With the line containing "this 1600×1200 image." as the starting point, output every line of the data below through its final line, character for character.

*** Begin section ***

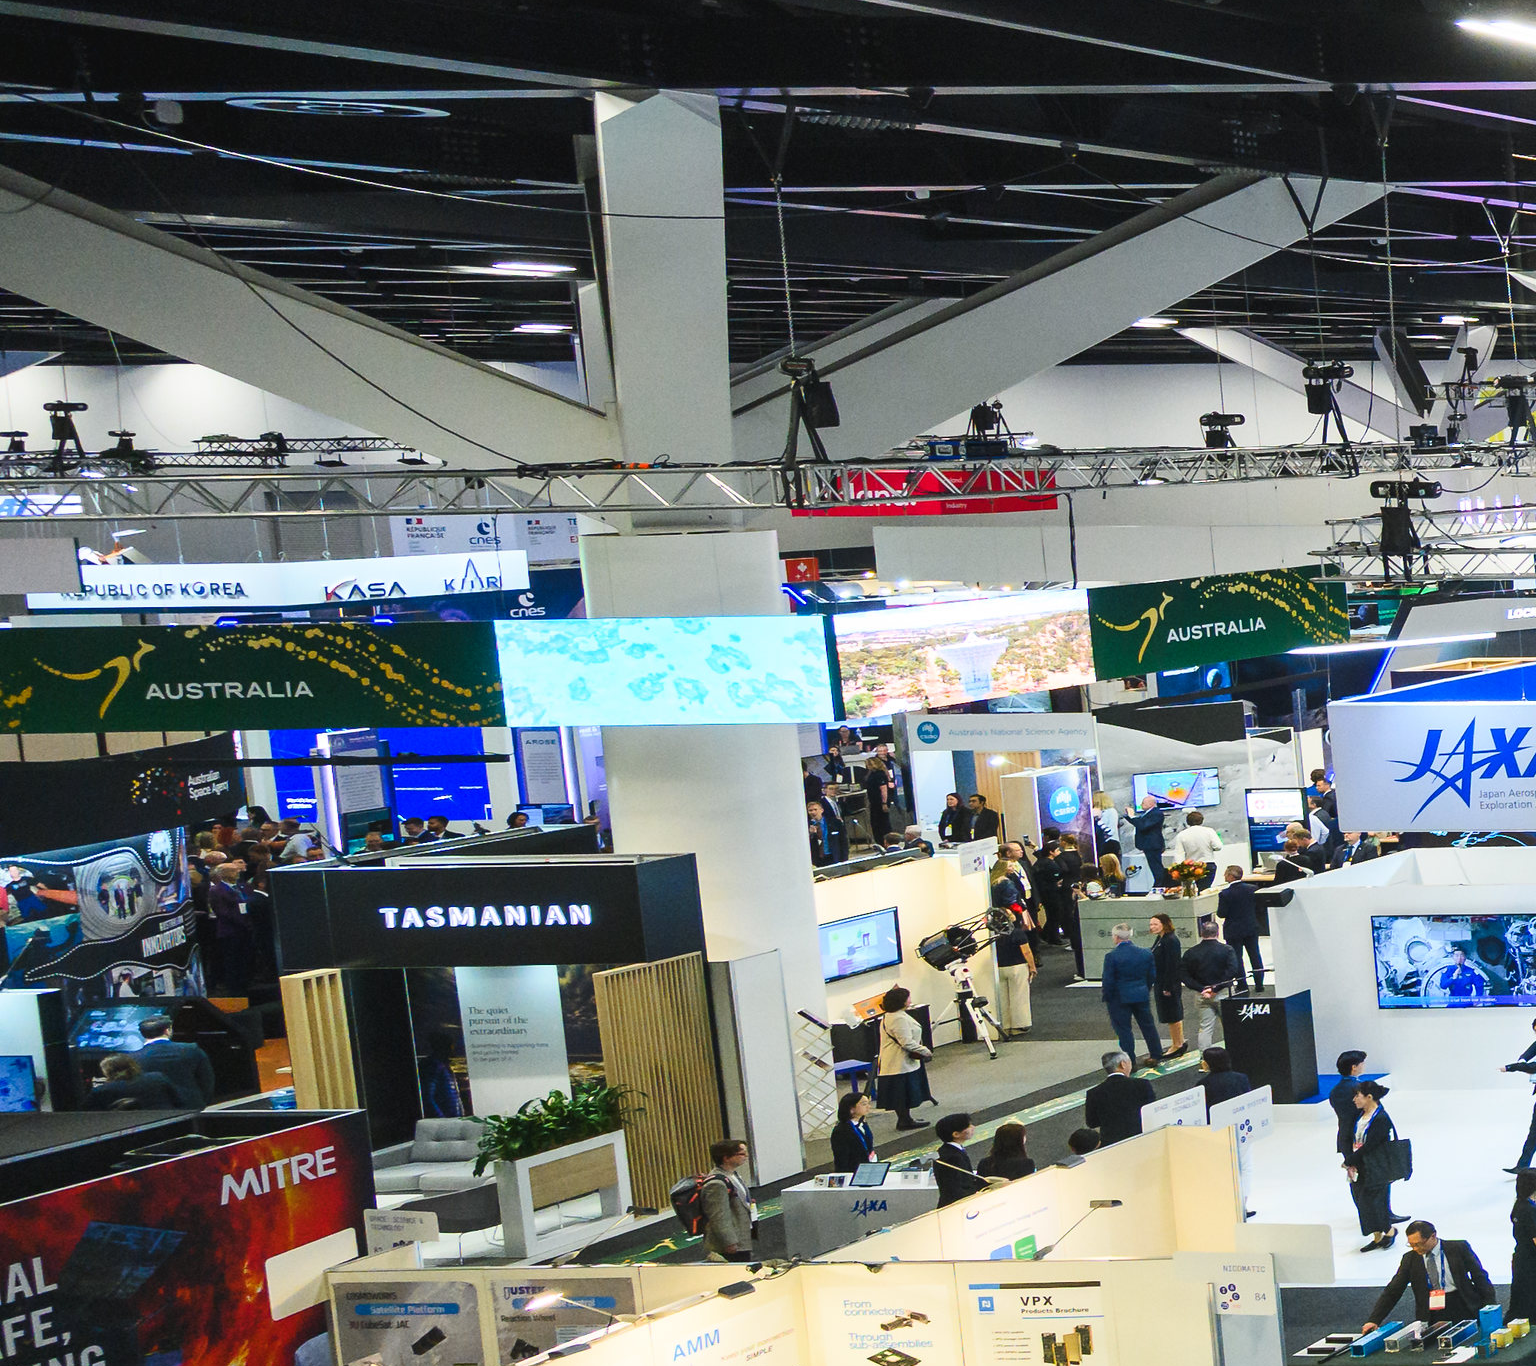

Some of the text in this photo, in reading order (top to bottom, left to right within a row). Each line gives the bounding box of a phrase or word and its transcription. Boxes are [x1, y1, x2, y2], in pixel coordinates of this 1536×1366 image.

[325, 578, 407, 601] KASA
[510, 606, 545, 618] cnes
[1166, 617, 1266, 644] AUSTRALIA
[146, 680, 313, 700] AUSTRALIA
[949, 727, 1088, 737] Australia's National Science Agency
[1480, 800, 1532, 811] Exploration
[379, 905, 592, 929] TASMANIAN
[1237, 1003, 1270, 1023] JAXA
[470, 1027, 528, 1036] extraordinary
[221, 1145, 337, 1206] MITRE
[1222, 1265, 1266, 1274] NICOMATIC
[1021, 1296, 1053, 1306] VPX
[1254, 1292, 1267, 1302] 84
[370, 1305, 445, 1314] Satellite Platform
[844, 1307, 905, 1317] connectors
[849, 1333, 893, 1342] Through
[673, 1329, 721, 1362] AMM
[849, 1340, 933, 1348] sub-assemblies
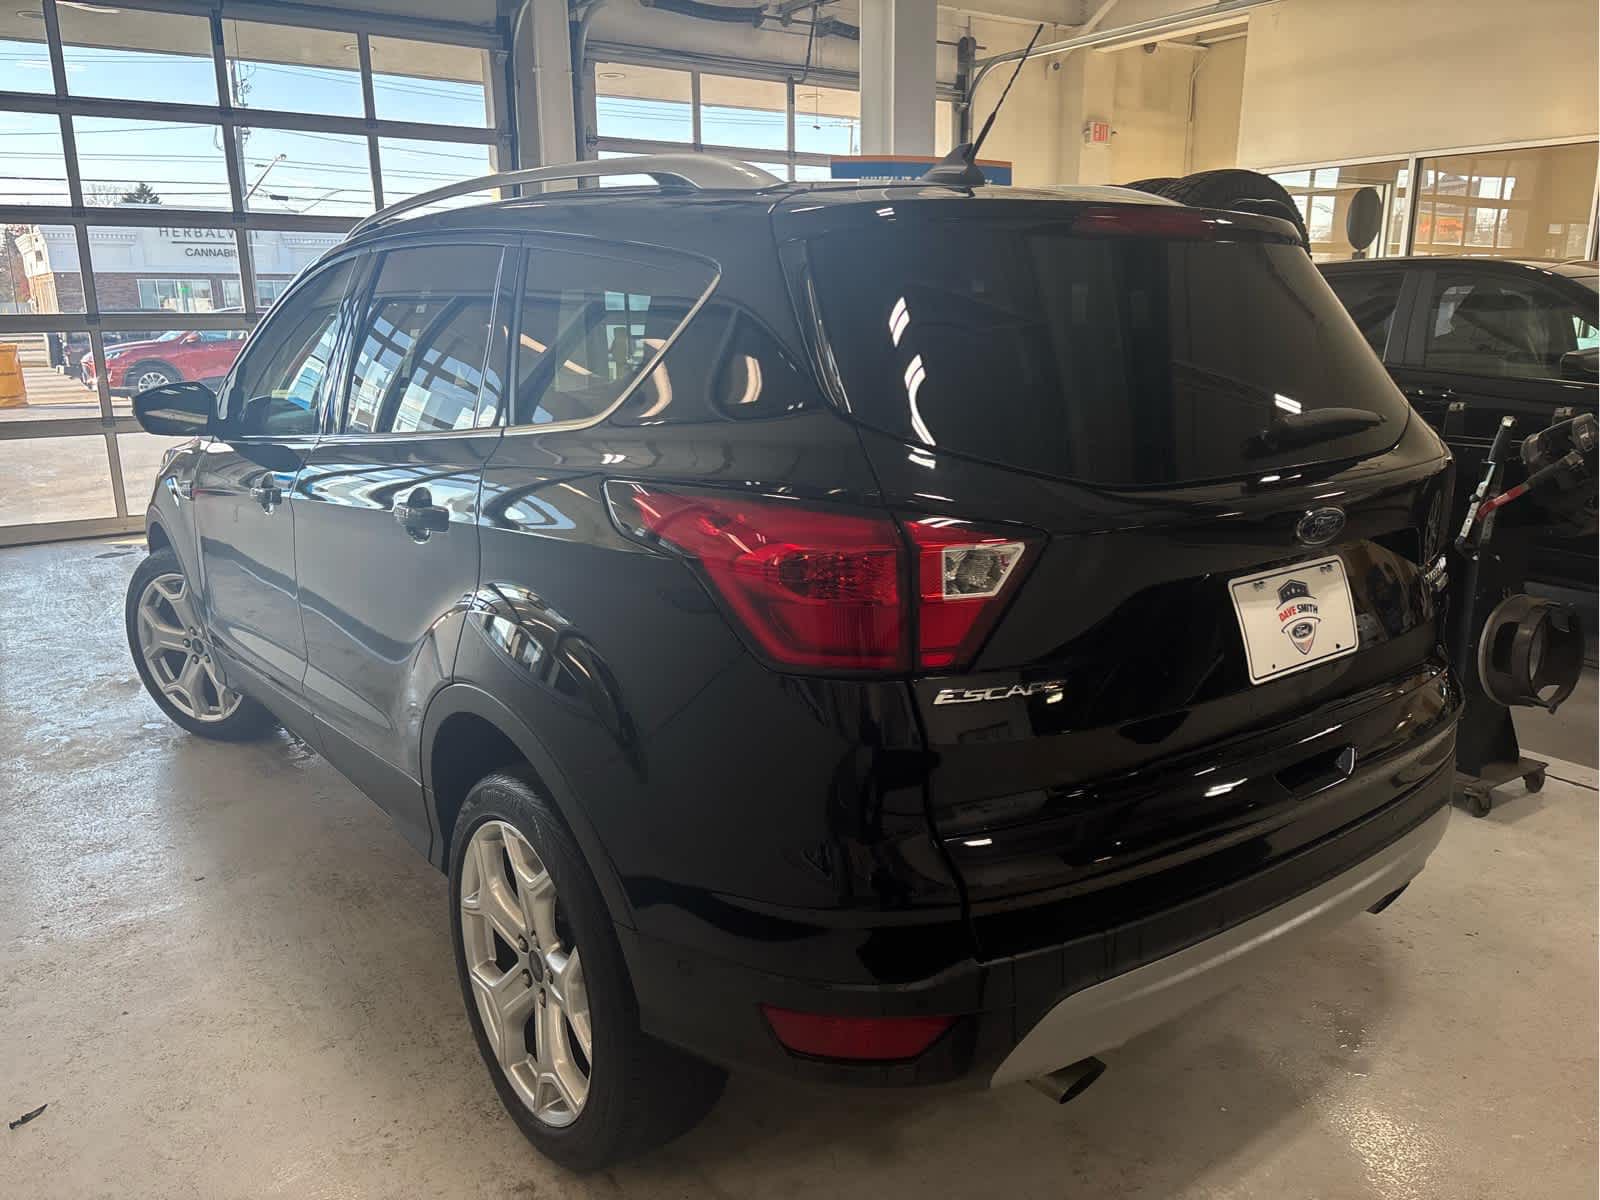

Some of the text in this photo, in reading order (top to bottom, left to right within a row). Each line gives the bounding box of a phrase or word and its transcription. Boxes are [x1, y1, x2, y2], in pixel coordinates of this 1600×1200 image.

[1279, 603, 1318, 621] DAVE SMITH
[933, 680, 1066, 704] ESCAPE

*** End section ***

TASK RESPONSE:
Some of the text in this photo, in reading order (top to bottom, left to right within a row). Each line gives the bounding box of a phrase or word and its transcription. Boxes are [x1, y1, x2, y2], in pixel coordinates of this 1600×1200 image.

[1279, 603, 1318, 621] DAVE SMITH
[933, 680, 1066, 704] ESCAPE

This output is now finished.